What is being asked - Reproduce every record below exactly as written, but leave out any pictures.

Input records -

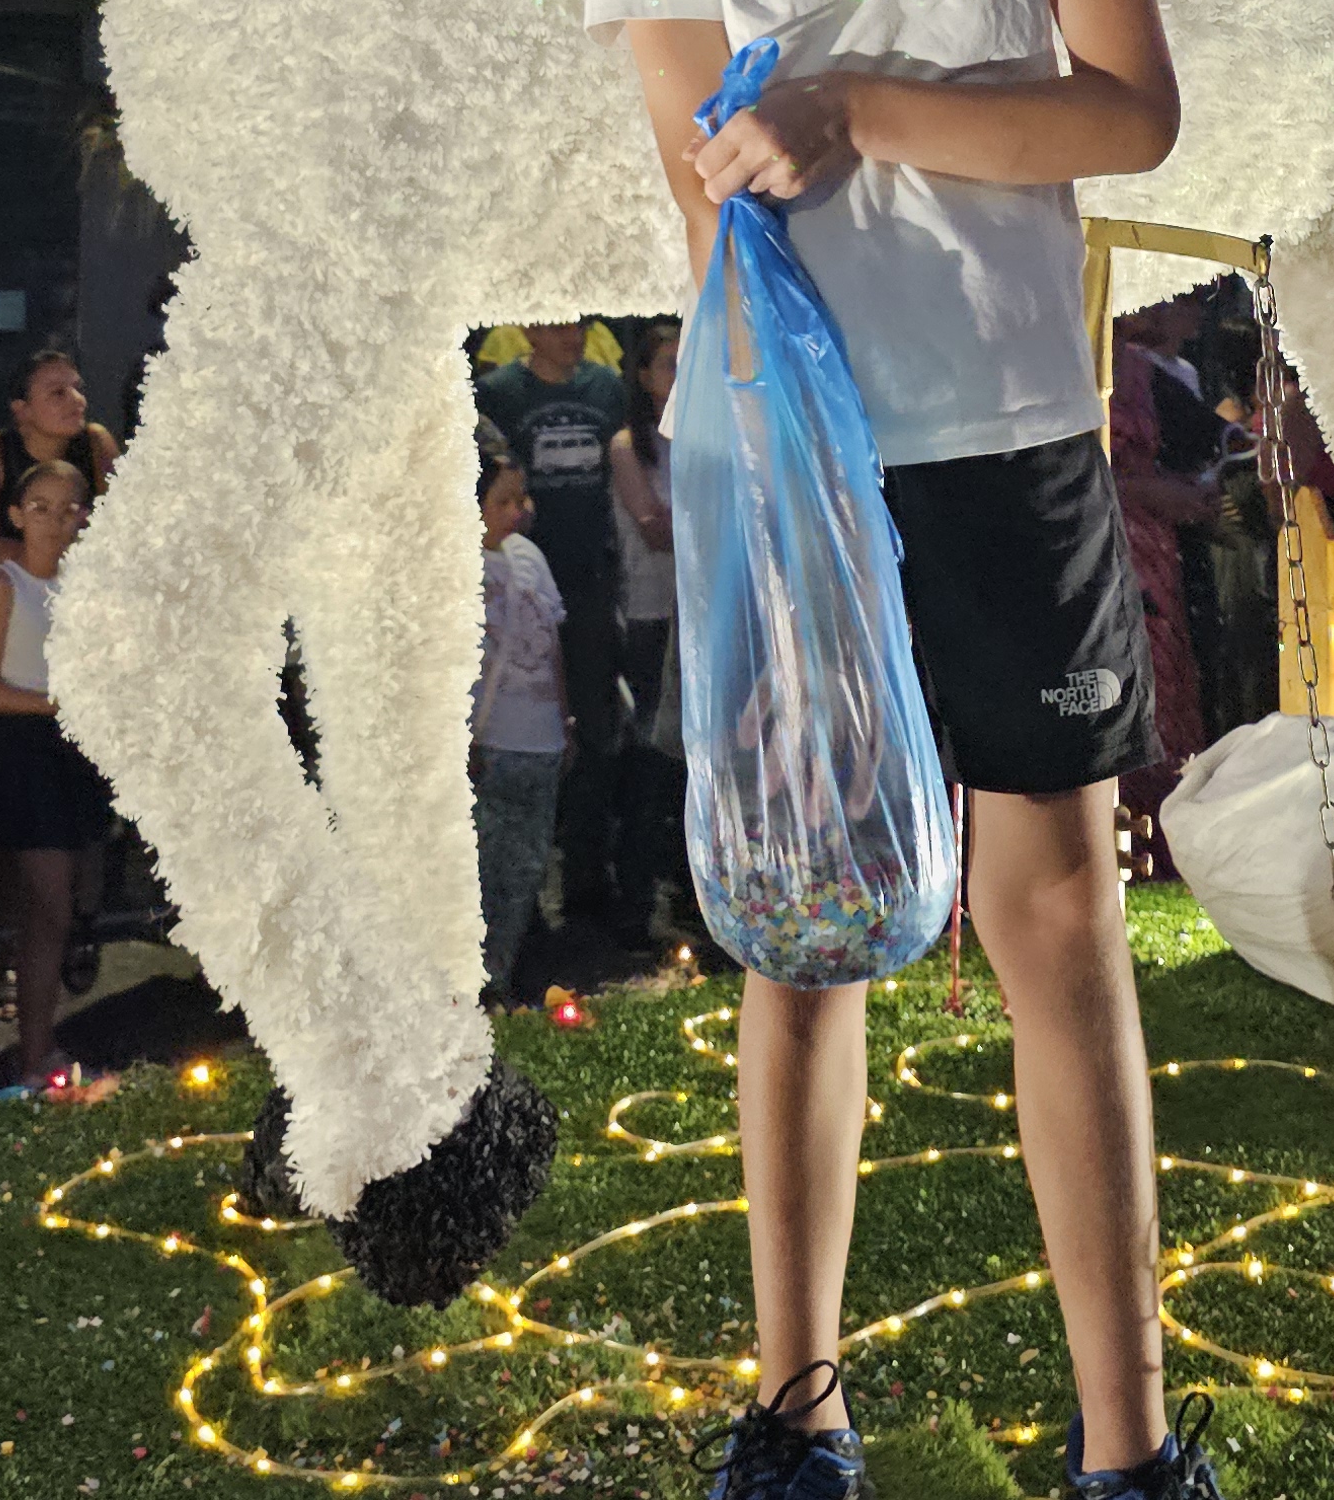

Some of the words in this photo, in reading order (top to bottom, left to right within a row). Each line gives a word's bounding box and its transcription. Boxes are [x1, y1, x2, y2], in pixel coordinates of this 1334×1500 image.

[1065, 671, 1097, 687] THE
[1041, 680, 1098, 704] NORTH
[1059, 698, 1099, 717] FACE
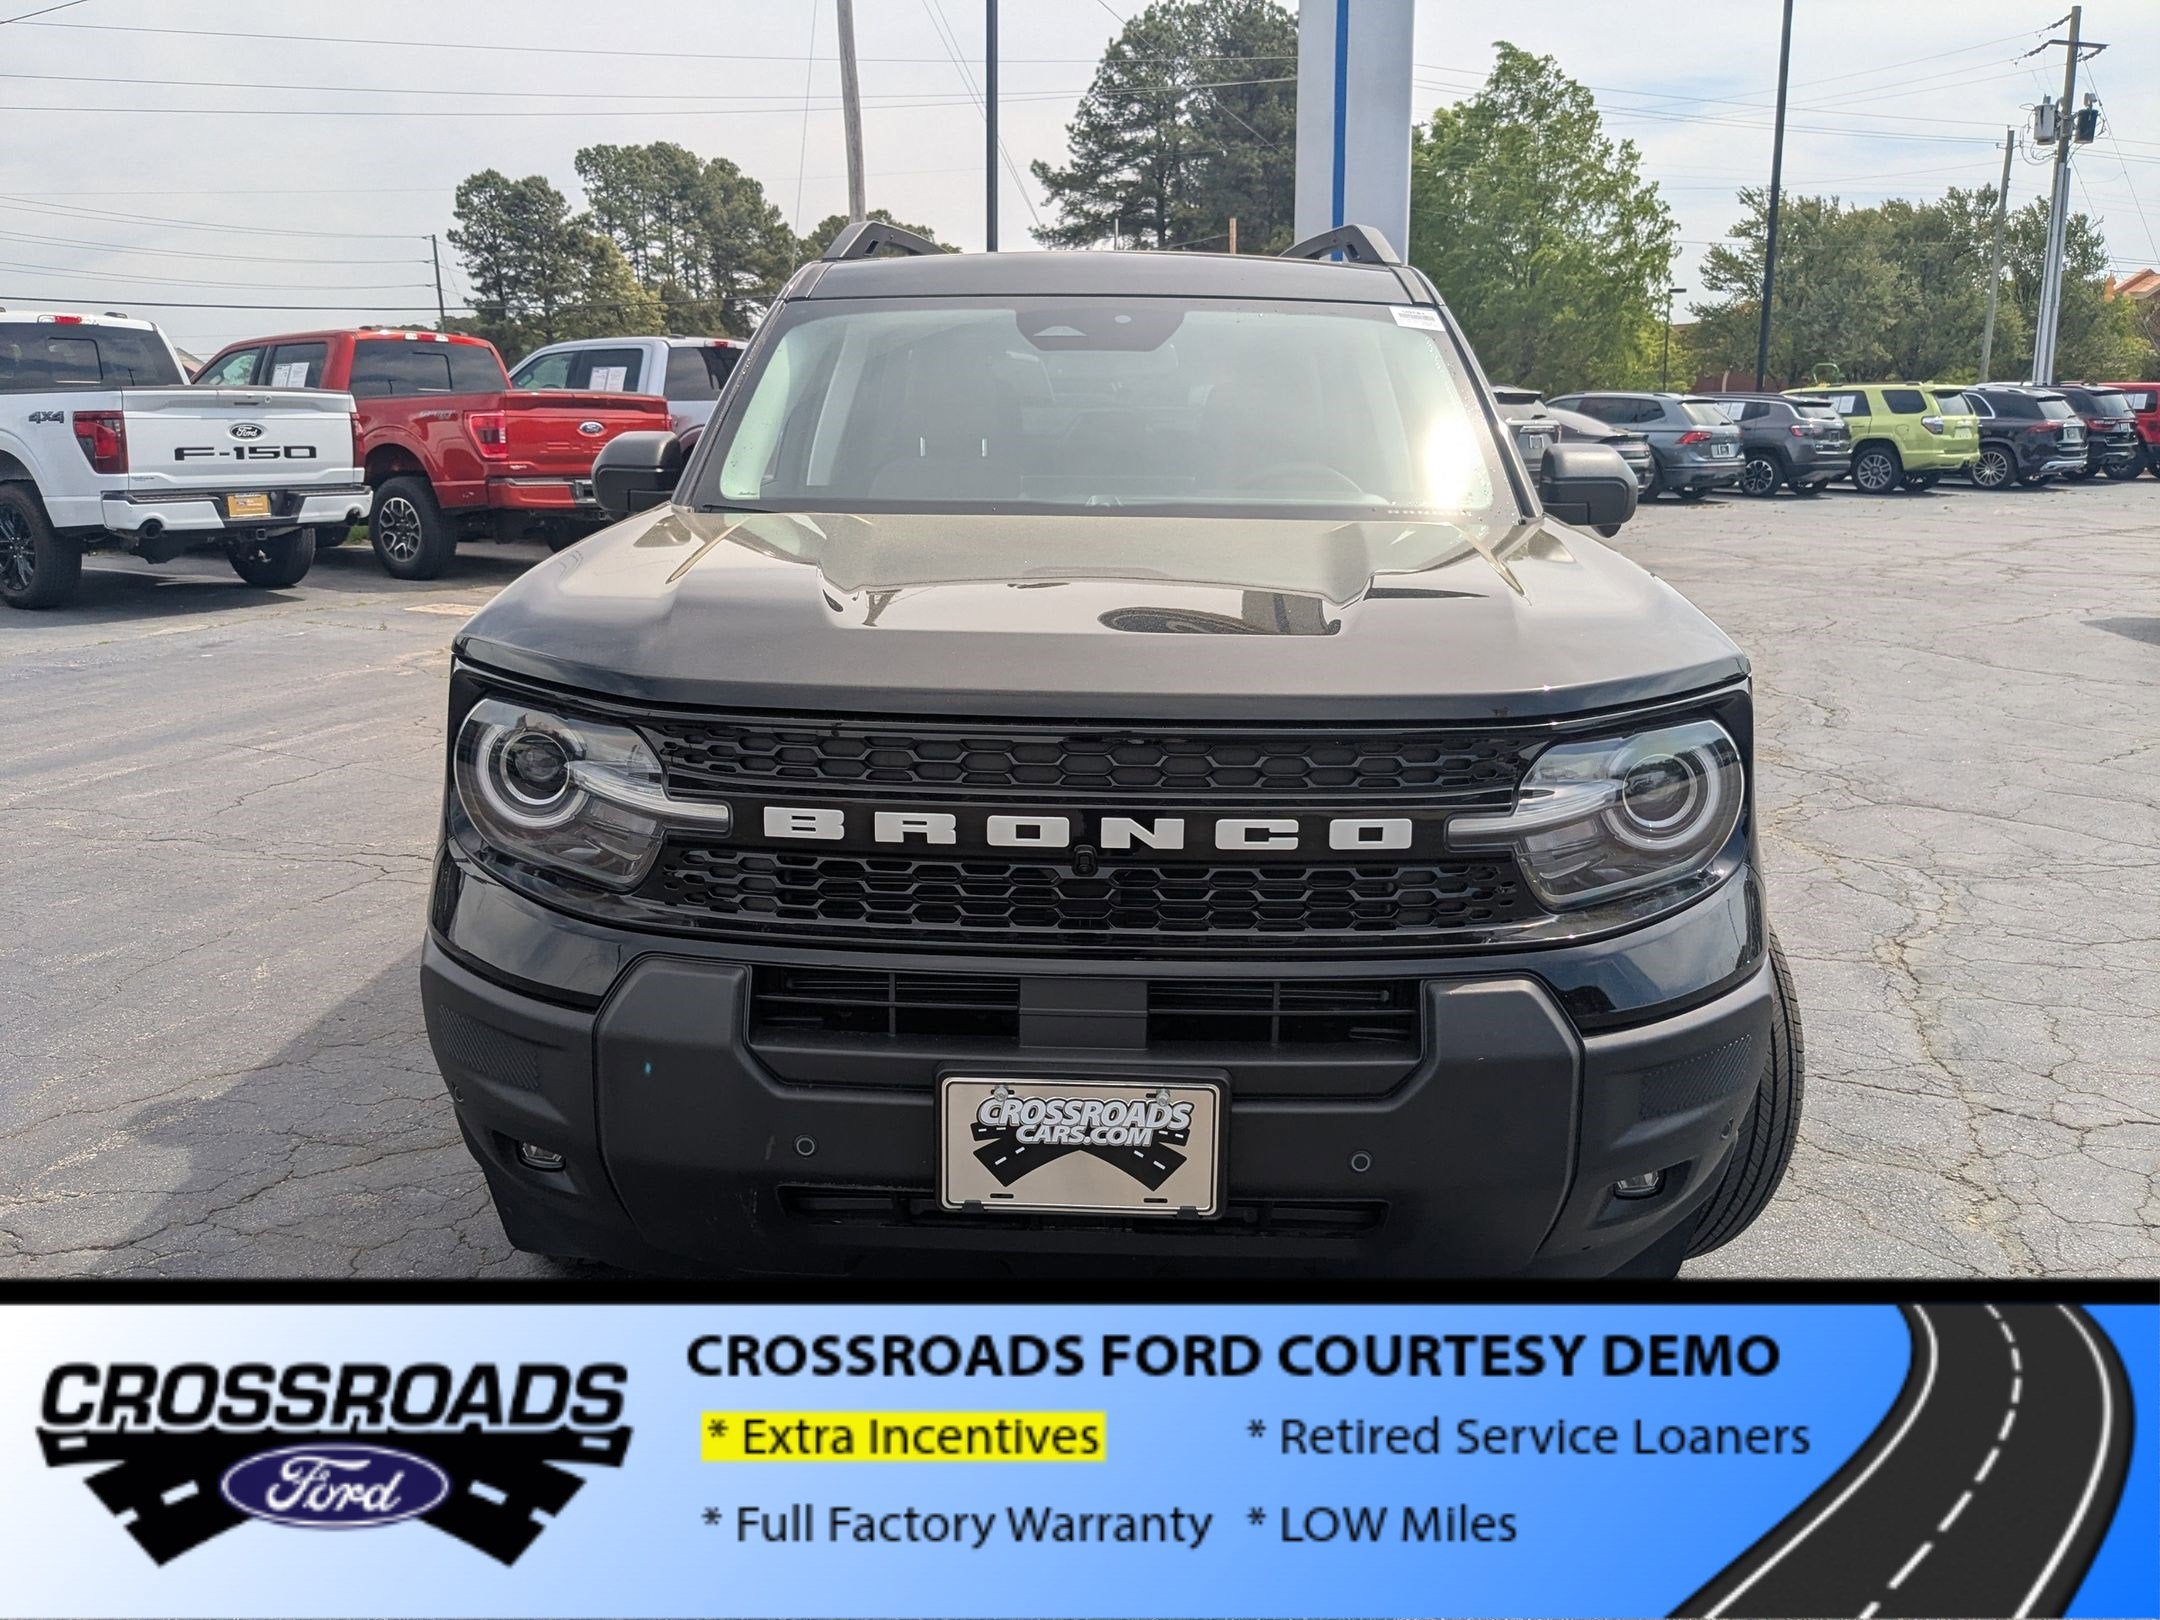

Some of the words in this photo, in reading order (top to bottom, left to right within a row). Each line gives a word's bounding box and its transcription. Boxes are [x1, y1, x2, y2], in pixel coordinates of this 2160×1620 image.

[174, 445, 317, 462] F-150
[763, 804, 1412, 851] BRONCO
[978, 1097, 1193, 1130] CROSSROADS
[1015, 1125, 1153, 1147] CARS.COM

Exercise output -
Some of the words in this photo, in reading order (top to bottom, left to right within a row). Each line gives a word's bounding box and its transcription. Boxes are [x1, y1, x2, y2], in pixel coordinates of this 1334×1500 image.

[1065, 671, 1097, 687] THE
[1041, 680, 1098, 704] NORTH
[1059, 698, 1099, 717] FACE

Some of the words in this photo, in reading order (top to bottom, left to right within a row). Each line gives a word's bounding box and its transcription. Boxes are [x1, y1, x2, y2], in pixel coordinates of this 2160×1620 image.

[174, 445, 317, 462] F-150
[763, 804, 1412, 851] BRONCO
[978, 1097, 1193, 1130] CROSSROADS
[1015, 1125, 1153, 1147] CARS.COM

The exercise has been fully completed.